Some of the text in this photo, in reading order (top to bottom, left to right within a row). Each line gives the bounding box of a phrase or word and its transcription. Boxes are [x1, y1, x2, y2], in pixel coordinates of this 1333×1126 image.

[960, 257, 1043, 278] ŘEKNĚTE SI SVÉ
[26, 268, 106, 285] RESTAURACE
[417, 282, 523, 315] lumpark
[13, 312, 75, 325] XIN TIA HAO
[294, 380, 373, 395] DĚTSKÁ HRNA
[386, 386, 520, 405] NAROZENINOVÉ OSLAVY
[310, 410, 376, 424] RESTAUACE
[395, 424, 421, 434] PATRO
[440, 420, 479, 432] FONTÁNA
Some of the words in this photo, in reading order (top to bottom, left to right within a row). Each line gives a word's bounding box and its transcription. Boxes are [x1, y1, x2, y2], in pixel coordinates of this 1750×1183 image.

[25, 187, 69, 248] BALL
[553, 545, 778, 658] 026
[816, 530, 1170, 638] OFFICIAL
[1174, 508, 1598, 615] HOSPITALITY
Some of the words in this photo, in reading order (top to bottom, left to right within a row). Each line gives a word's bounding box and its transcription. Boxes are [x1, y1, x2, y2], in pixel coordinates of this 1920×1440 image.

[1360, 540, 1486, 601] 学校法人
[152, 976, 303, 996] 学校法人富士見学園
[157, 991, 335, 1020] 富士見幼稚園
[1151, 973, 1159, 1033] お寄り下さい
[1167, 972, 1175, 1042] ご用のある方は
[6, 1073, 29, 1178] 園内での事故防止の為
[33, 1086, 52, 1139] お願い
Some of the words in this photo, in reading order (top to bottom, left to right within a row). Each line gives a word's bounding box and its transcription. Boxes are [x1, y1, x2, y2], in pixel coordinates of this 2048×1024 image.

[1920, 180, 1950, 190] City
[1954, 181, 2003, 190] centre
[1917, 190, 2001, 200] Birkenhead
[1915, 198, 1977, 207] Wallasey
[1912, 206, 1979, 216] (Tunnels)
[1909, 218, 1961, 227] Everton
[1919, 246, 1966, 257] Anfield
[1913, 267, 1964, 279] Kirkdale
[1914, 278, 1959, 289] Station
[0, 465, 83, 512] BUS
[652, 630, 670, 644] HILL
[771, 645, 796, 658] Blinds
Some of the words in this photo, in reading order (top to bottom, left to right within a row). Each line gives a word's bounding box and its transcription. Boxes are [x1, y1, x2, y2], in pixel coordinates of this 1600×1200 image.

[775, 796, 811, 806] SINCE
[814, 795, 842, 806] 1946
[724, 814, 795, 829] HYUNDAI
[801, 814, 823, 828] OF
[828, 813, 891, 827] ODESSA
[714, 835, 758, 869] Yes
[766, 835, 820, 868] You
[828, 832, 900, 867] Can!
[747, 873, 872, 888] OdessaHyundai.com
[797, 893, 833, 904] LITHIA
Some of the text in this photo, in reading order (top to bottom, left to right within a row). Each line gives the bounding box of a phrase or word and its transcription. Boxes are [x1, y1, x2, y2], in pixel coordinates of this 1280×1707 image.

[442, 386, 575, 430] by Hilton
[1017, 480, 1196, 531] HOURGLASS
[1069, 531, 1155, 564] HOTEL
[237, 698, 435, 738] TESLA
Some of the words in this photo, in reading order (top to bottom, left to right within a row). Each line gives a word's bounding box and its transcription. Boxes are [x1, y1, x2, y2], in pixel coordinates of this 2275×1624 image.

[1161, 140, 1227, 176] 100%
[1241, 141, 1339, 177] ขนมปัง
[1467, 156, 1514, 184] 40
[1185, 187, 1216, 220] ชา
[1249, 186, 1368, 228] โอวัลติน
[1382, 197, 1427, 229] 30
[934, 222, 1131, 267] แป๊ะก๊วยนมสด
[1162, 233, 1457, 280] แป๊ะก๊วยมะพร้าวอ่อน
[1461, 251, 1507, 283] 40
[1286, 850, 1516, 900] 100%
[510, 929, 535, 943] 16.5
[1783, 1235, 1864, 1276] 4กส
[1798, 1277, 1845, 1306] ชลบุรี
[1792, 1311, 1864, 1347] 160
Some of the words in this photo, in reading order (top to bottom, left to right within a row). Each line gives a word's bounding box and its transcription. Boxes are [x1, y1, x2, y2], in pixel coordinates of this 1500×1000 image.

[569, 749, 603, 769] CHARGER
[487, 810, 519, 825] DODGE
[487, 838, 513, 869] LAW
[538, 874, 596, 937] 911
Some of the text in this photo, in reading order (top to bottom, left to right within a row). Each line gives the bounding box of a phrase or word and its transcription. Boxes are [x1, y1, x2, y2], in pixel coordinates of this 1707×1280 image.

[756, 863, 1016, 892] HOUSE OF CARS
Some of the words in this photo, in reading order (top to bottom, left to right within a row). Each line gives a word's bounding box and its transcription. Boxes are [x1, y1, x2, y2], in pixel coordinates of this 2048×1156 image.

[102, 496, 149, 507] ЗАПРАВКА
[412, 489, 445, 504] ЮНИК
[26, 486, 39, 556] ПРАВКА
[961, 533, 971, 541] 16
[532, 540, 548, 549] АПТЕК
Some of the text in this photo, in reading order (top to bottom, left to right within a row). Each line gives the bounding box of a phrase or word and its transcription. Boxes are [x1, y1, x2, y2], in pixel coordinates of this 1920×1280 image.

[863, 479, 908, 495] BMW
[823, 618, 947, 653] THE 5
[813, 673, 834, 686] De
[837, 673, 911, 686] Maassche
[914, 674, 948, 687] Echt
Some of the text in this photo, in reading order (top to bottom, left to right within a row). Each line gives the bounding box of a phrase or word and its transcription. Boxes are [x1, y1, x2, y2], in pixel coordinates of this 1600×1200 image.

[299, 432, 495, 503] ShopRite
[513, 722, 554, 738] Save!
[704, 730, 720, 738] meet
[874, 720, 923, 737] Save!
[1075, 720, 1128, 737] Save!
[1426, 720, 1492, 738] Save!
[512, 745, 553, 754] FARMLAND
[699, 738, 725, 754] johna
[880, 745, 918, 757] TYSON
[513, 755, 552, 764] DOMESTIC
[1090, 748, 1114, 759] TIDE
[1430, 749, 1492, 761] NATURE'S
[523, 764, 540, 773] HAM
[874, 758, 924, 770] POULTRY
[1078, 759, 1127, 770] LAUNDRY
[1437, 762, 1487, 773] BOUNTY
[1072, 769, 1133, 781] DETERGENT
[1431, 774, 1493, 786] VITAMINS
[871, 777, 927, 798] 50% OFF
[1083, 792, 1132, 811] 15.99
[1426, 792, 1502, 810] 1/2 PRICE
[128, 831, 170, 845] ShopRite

§ Problem: Repeat the material word for word.

§ Result below:
Some of the text in this photo, in reading order (top to bottom, left to right within a row). Each line gives the bounding box of a phrase or word and its transcription. Boxes are [x1, y1, x2, y2], in pixel coordinates of this 1333×1126 image.

[960, 257, 1043, 278] ŘEKNĚTE SI SVÉ
[26, 268, 106, 285] RESTAURACE
[417, 282, 523, 315] lumpark
[13, 312, 75, 325] XIN TIA HAO
[294, 380, 373, 395] DĚTSKÁ HRNA
[386, 386, 520, 405] NAROZENINOVÉ OSLAVY
[310, 410, 376, 424] RESTAUACE
[395, 424, 421, 434] PATRO
[440, 420, 479, 432] FONTÁNA
Some of the words in this photo, in reading order (top to bottom, left to right within a row). Each line gives a word's bounding box and its transcription. Boxes are [x1, y1, x2, y2], in pixel coordinates of this 1750×1183 image.

[25, 187, 69, 248] BALL
[553, 545, 778, 658] 026
[816, 530, 1170, 638] OFFICIAL
[1174, 508, 1598, 615] HOSPITALITY
Some of the words in this photo, in reading order (top to bottom, left to right within a row). Each line gives a word's bounding box and its transcription. Boxes are [x1, y1, x2, y2], in pixel coordinates of this 1920×1440 image.

[1360, 540, 1486, 601] 学校法人
[152, 976, 303, 996] 学校法人富士見学園
[157, 991, 335, 1020] 富士見幼稚園
[1151, 973, 1159, 1033] お寄り下さい
[1167, 972, 1175, 1042] ご用のある方は
[6, 1073, 29, 1178] 園内での事故防止の為
[33, 1086, 52, 1139] お願い
Some of the words in this photo, in reading order (top to bottom, left to right within a row). Each line gives a word's bounding box and its transcription. Boxes are [x1, y1, x2, y2], in pixel coordinates of this 2048×1024 image.

[1920, 180, 1950, 190] City
[1954, 181, 2003, 190] centre
[1917, 190, 2001, 200] Birkenhead
[1915, 198, 1977, 207] Wallasey
[1912, 206, 1979, 216] (Tunnels)
[1909, 218, 1961, 227] Everton
[1919, 246, 1966, 257] Anfield
[1913, 267, 1964, 279] Kirkdale
[1914, 278, 1959, 289] Station
[0, 465, 83, 512] BUS
[652, 630, 670, 644] HILL
[771, 645, 796, 658] Blinds
Some of the words in this photo, in reading order (top to bottom, left to right within a row). Each line gives a word's bounding box and its transcription. Boxes are [x1, y1, x2, y2], in pixel coordinates of this 1600×1200 image.

[775, 796, 811, 806] SINCE
[814, 795, 842, 806] 1946
[724, 814, 795, 829] HYUNDAI
[801, 814, 823, 828] OF
[828, 813, 891, 827] ODESSA
[714, 835, 758, 869] Yes
[766, 835, 820, 868] You
[828, 832, 900, 867] Can!
[747, 873, 872, 888] OdessaHyundai.com
[797, 893, 833, 904] LITHIA
Some of the text in this photo, in reading order (top to bottom, left to right within a row). Each line gives the bounding box of a phrase or word and its transcription. Boxes are [x1, y1, x2, y2], in pixel coordinates of this 1280×1707 image.

[442, 386, 575, 430] by Hilton
[1017, 480, 1196, 531] HOURGLASS
[1069, 531, 1155, 564] HOTEL
[237, 698, 435, 738] TESLA
Some of the words in this photo, in reading order (top to bottom, left to right within a row). Each line gives a word's bounding box and its transcription. Boxes are [x1, y1, x2, y2], in pixel coordinates of this 2275×1624 image.

[1161, 140, 1227, 176] 100%
[1241, 141, 1339, 177] ขนมปัง
[1467, 156, 1514, 184] 40
[1185, 187, 1216, 220] ชา
[1249, 186, 1368, 228] โอวัลติน
[1382, 197, 1427, 229] 30
[934, 222, 1131, 267] แป๊ะก๊วยนมสด
[1162, 233, 1457, 280] แป๊ะก๊วยมะพร้าวอ่อน
[1461, 251, 1507, 283] 40
[1286, 850, 1516, 900] 100%
[510, 929, 535, 943] 16.5
[1783, 1235, 1864, 1276] 4กส
[1798, 1277, 1845, 1306] ชลบุรี
[1792, 1311, 1864, 1347] 160
Some of the words in this photo, in reading order (top to bottom, left to right within a row). Each line gives a word's bounding box and its transcription. Boxes are [x1, y1, x2, y2], in pixel coordinates of this 1500×1000 image.

[569, 749, 603, 769] CHARGER
[487, 810, 519, 825] DODGE
[487, 838, 513, 869] LAW
[538, 874, 596, 937] 911
Some of the text in this photo, in reading order (top to bottom, left to right within a row). Each line gives the bounding box of a phrase or word and its transcription. Boxes are [x1, y1, x2, y2], in pixel coordinates of this 1707×1280 image.

[756, 863, 1016, 892] HOUSE OF CARS
Some of the words in this photo, in reading order (top to bottom, left to right within a row). Each line gives a word's bounding box and its transcription. Boxes are [x1, y1, x2, y2], in pixel coordinates of this 2048×1156 image.

[102, 496, 149, 507] ЗАПРАВКА
[412, 489, 445, 504] ЮНИК
[26, 486, 39, 556] ПРАВКА
[961, 533, 971, 541] 16
[532, 540, 548, 549] АПТЕК
Some of the text in this photo, in reading order (top to bottom, left to right within a row). Each line gives the bounding box of a phrase or word and its transcription. Boxes are [x1, y1, x2, y2], in pixel coordinates of this 1920×1280 image.

[863, 479, 908, 495] BMW
[823, 618, 947, 653] THE 5
[813, 673, 834, 686] De
[837, 673, 911, 686] Maassche
[914, 674, 948, 687] Echt
Some of the text in this photo, in reading order (top to bottom, left to right within a row). Each line gives the bounding box of a phrase or word and its transcription. Boxes are [x1, y1, x2, y2], in pixel coordinates of this 1600×1200 image.

[299, 432, 495, 503] ShopRite
[513, 722, 554, 738] Save!
[704, 730, 720, 738] meet
[874, 720, 923, 737] Save!
[1075, 720, 1128, 737] Save!
[1426, 720, 1492, 738] Save!
[512, 745, 553, 754] FARMLAND
[699, 738, 725, 754] johna
[880, 745, 918, 757] TYSON
[513, 755, 552, 764] DOMESTIC
[1090, 748, 1114, 759] TIDE
[1430, 749, 1492, 761] NATURE'S
[523, 764, 540, 773] HAM
[874, 758, 924, 770] POULTRY
[1078, 759, 1127, 770] LAUNDRY
[1437, 762, 1487, 773] BOUNTY
[1072, 769, 1133, 781] DETERGENT
[1431, 774, 1493, 786] VITAMINS
[871, 777, 927, 798] 50% OFF
[1083, 792, 1132, 811] 15.99
[1426, 792, 1502, 810] 1/2 PRICE
[128, 831, 170, 845] ShopRite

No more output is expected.